[Images for object localization]
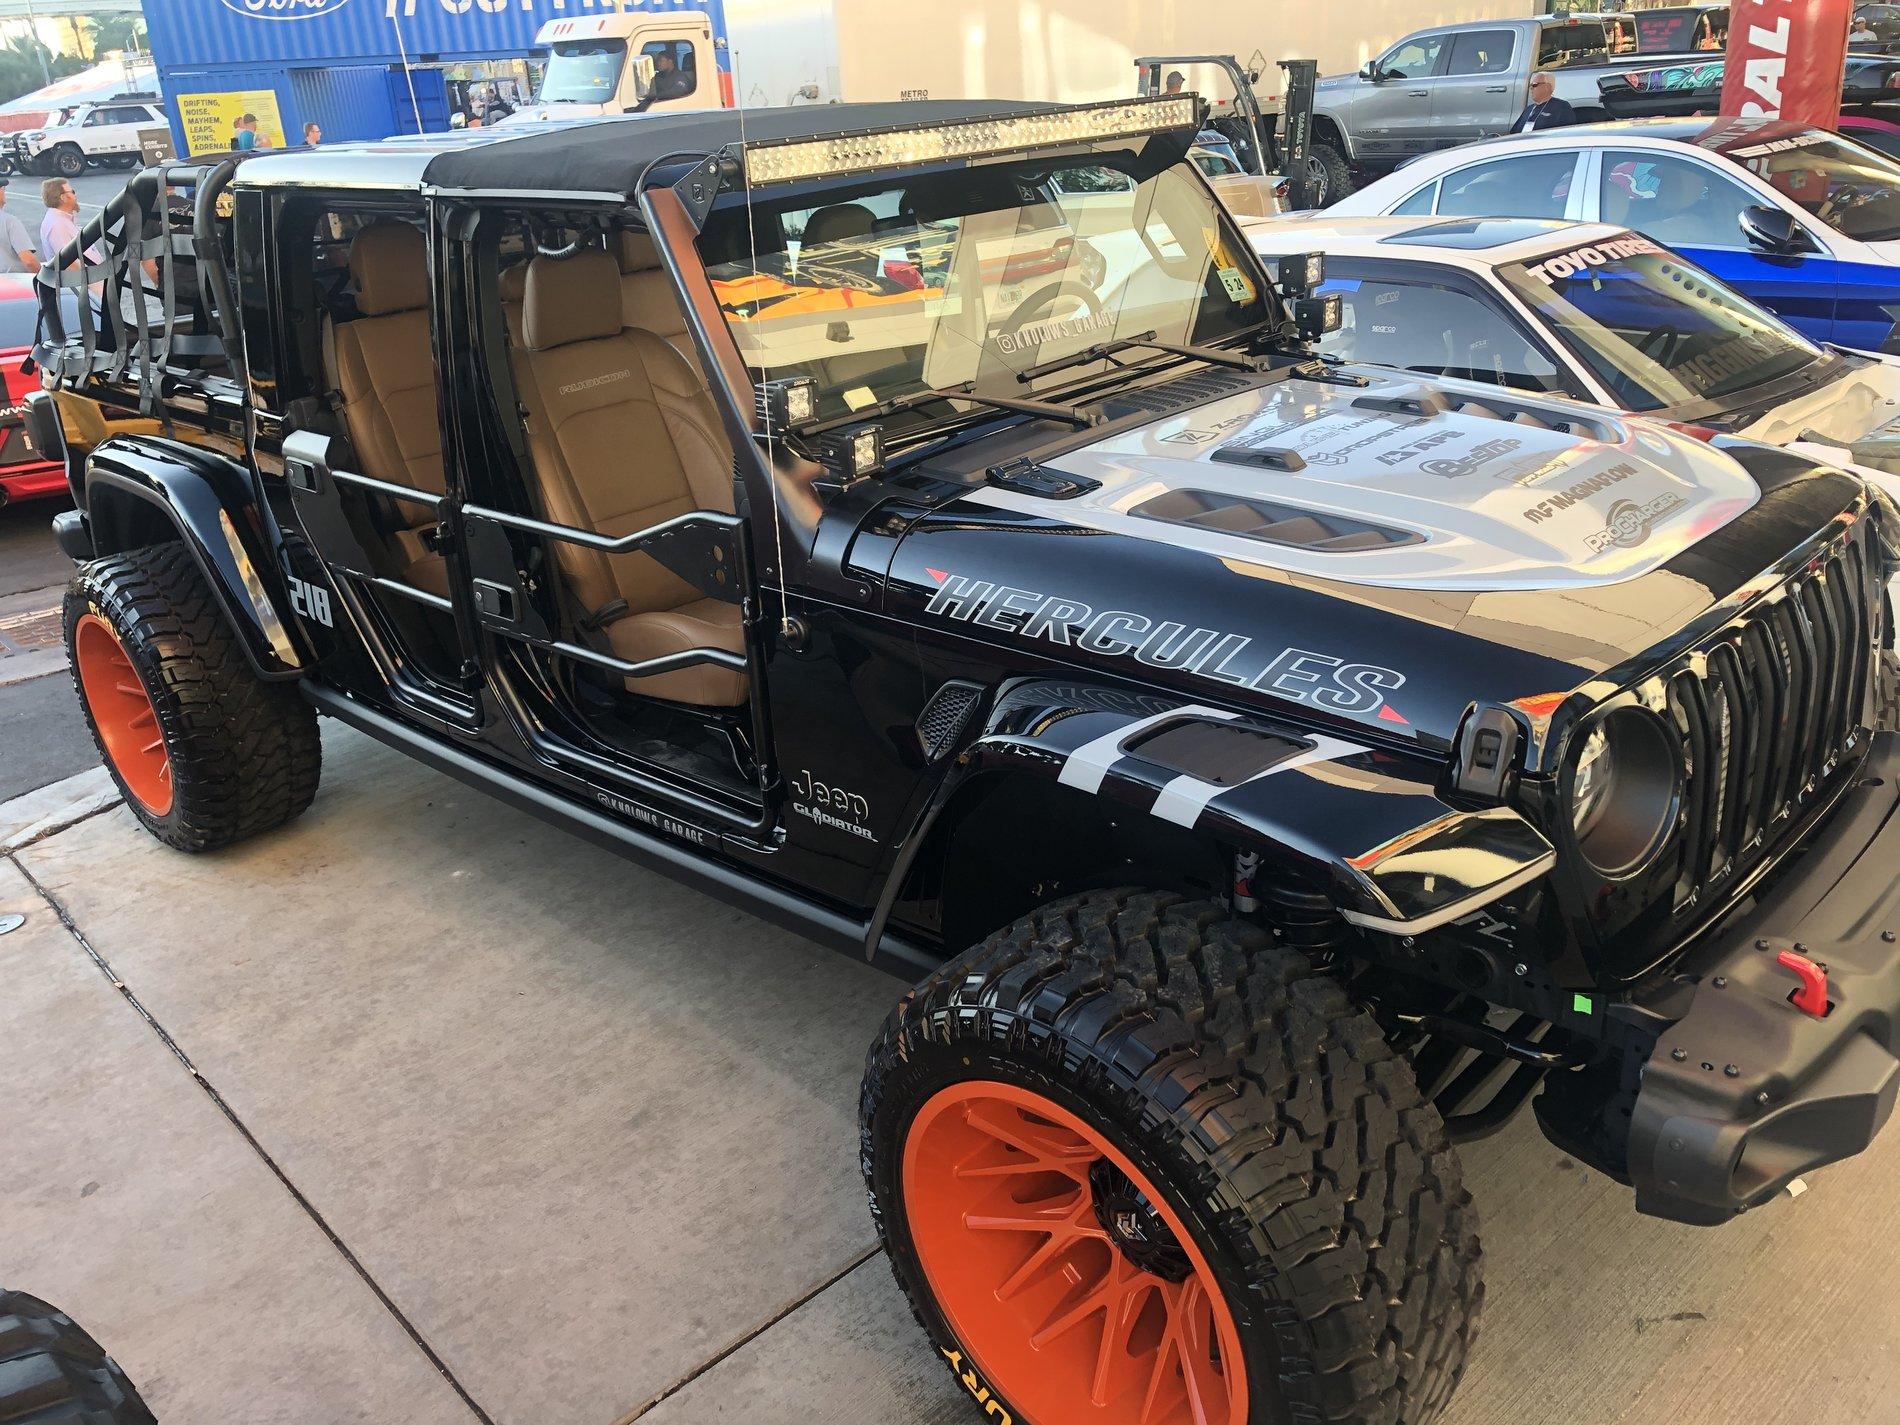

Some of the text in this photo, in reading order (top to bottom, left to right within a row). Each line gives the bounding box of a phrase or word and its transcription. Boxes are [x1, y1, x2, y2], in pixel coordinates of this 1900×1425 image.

[900, 89, 929, 98] METRO
[183, 99, 221, 108] DRIFTING,
[185, 108, 211, 116] NOISE,
[187, 116, 223, 125] MAYHEM,
[189, 126, 216, 134] LEAPS,
[191, 135, 217, 143] SPINS,
[1525, 247, 1607, 286] TOYO
[1224, 277, 1246, 292] 5 24
[1371, 324, 1397, 334] sparco
[559, 369, 631, 396] RUBICON
[1548, 461, 1640, 511] MAGNAFLOW
[1583, 491, 1682, 554] PROCHARGER
[924, 574, 1406, 713] HERCULES
[791, 769, 869, 825] Jeep
[793, 802, 879, 843] GLADIATOR

## Work order
The result should be every line of the data, reproduced exactly, with the images removed.

## Result
Some of the text in this photo, in reading order (top to bottom, left to right within a row). Each line gives the bounding box of a phrase or word and its transcription. Boxes are [x1, y1, x2, y2], in pixel coordinates of this 1900×1425 image.

[900, 89, 929, 98] METRO
[183, 99, 221, 108] DRIFTING,
[185, 108, 211, 116] NOISE,
[187, 116, 223, 125] MAYHEM,
[189, 126, 216, 134] LEAPS,
[191, 135, 217, 143] SPINS,
[1525, 247, 1607, 286] TOYO
[1224, 277, 1246, 292] 5 24
[1371, 324, 1397, 334] sparco
[559, 369, 631, 396] RUBICON
[1548, 461, 1640, 511] MAGNAFLOW
[1583, 491, 1682, 554] PROCHARGER
[924, 574, 1406, 713] HERCULES
[791, 769, 869, 825] Jeep
[793, 802, 879, 843] GLADIATOR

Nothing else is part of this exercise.